Problem details: Print the line containing "this 1600×1240 image." and every line after it exactly as written, through the end of the records.

Records shown Block Start

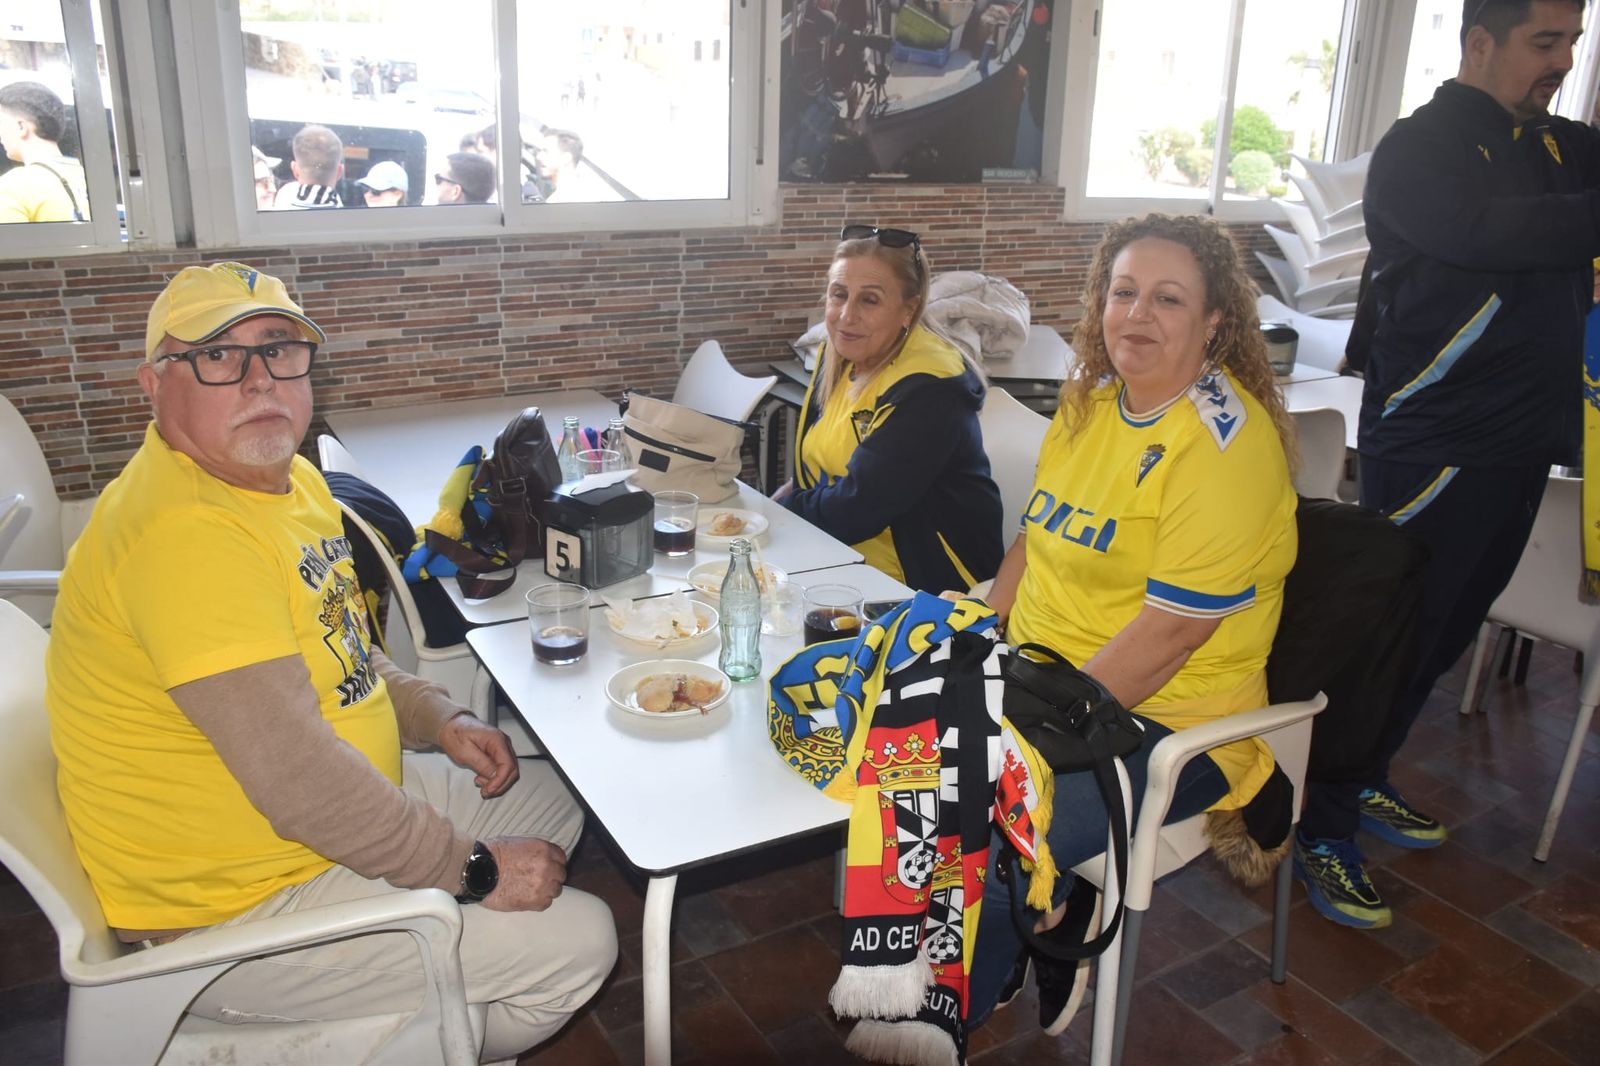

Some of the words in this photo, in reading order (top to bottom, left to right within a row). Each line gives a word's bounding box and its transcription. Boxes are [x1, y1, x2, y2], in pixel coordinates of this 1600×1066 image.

[1026, 489, 1117, 553] DIGI
[556, 540, 571, 572] 5
[850, 927, 880, 951] AD
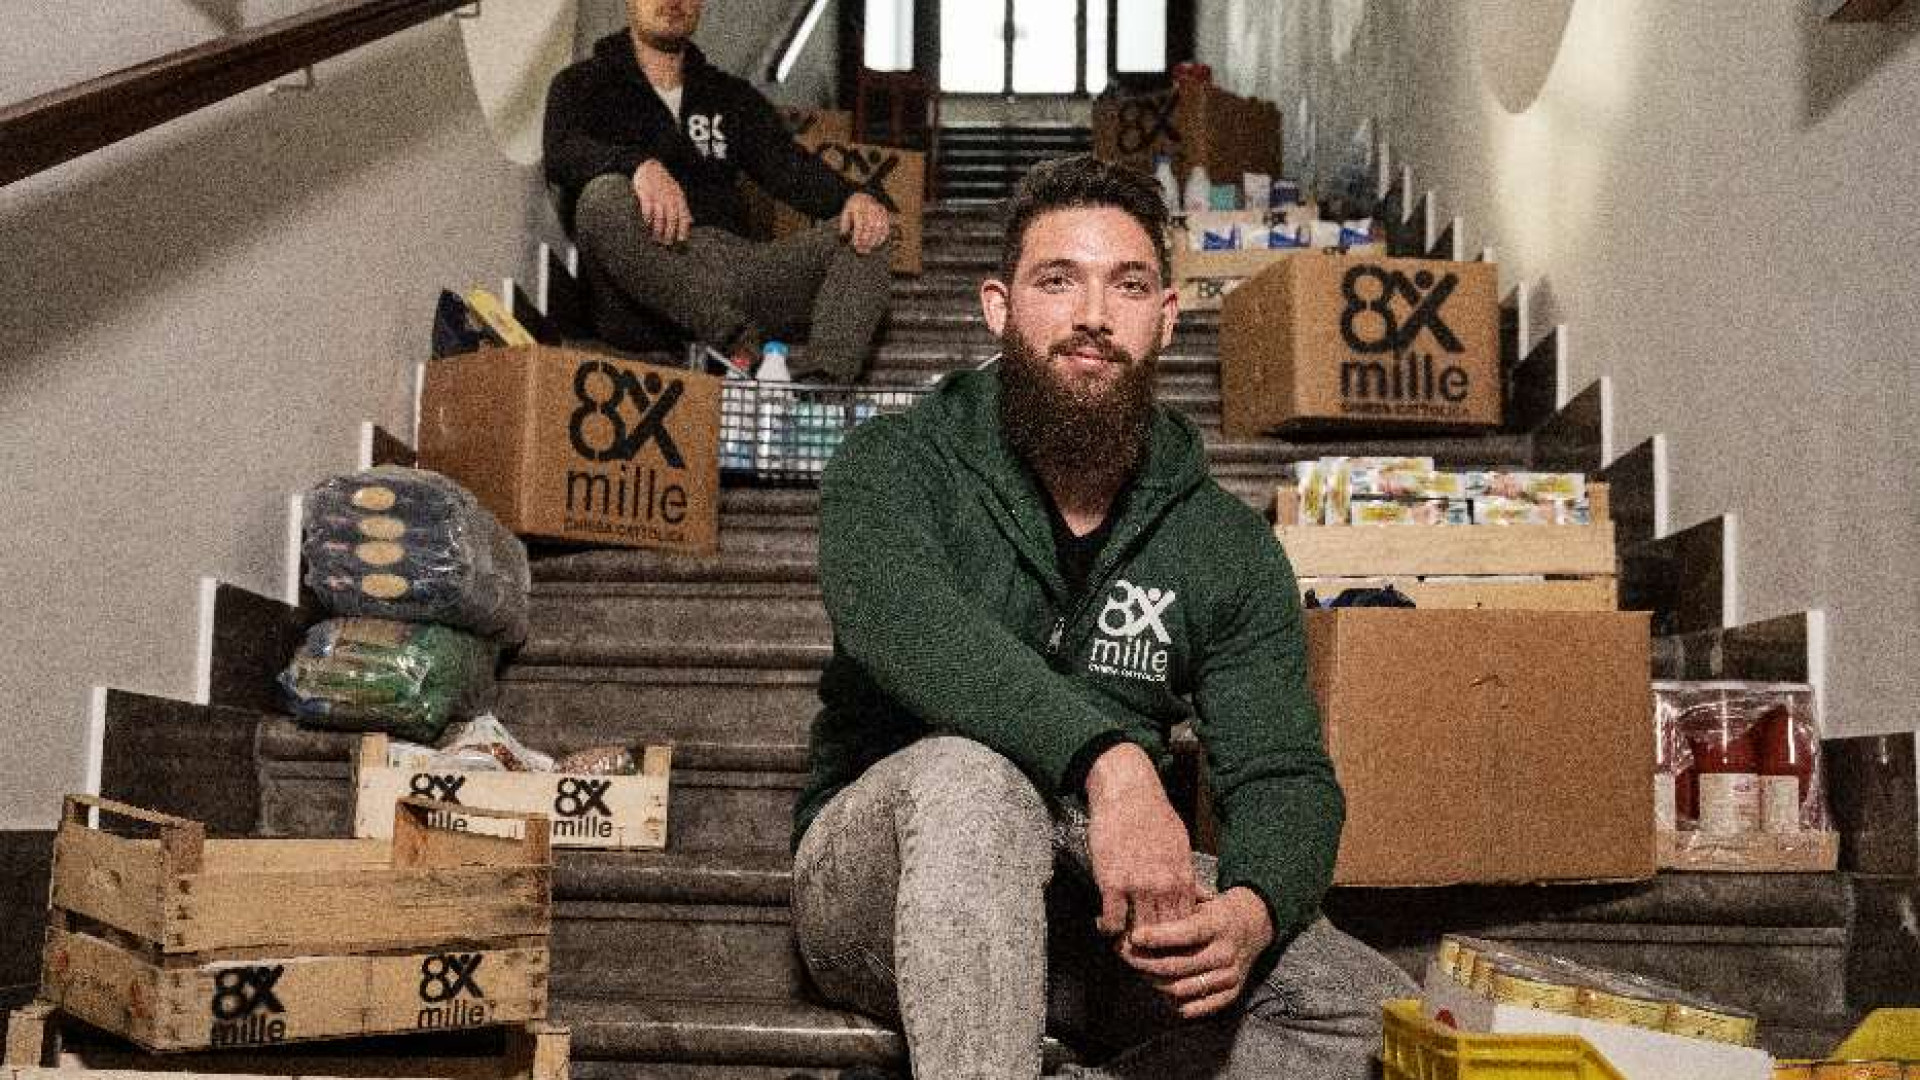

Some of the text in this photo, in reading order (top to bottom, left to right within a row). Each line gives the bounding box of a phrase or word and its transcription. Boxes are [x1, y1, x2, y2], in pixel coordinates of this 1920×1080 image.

[1340, 264, 1465, 353] 8X
[1340, 351, 1469, 401] mille
[569, 360, 685, 468] 8X
[566, 464, 687, 524] mille
[1098, 579, 1176, 644] 8X
[1089, 637, 1168, 672] mille
[554, 777, 612, 817] 8X
[553, 816, 612, 838] mille
[211, 964, 286, 1019] 8X
[420, 953, 485, 1002] 8X
[211, 1012, 286, 1046] mille
[417, 998, 485, 1029] mille
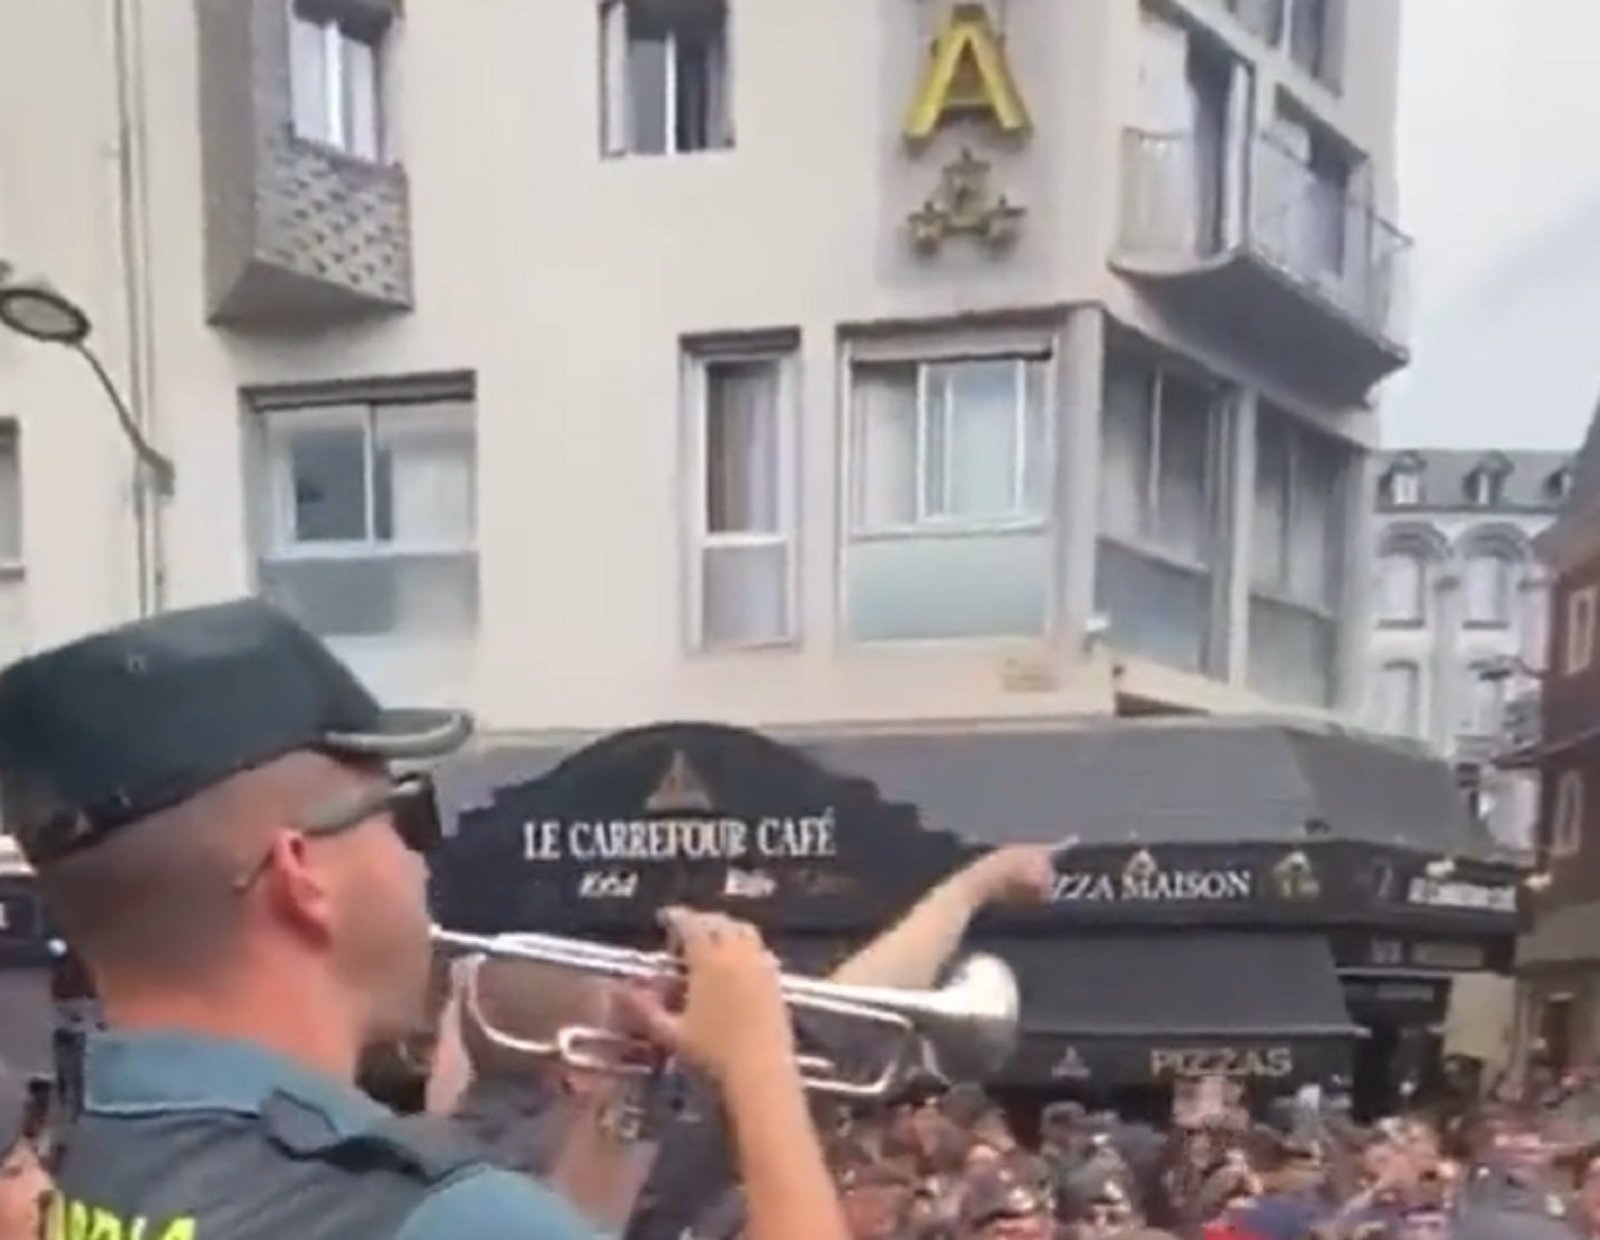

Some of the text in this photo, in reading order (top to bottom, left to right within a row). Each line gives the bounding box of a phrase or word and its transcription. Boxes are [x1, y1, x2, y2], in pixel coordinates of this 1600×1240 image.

[902, 4, 1033, 145] A
[524, 805, 837, 861] LE CARREFOUR CAFÉ
[1053, 868, 1250, 901] ZZA MAISON
[1151, 1047, 1293, 1077] PIZZAS

Records shown Block End

Expected answer:
Some of the text in this photo, in reading order (top to bottom, left to right within a row). Each line gives the bounding box of a phrase or word and its transcription. Boxes are [x1, y1, x2, y2], in pixel coordinates of this 1600×1240 image.

[902, 4, 1033, 145] A
[524, 805, 837, 861] LE CARREFOUR CAFÉ
[1053, 868, 1250, 901] ZZA MAISON
[1151, 1047, 1293, 1077] PIZZAS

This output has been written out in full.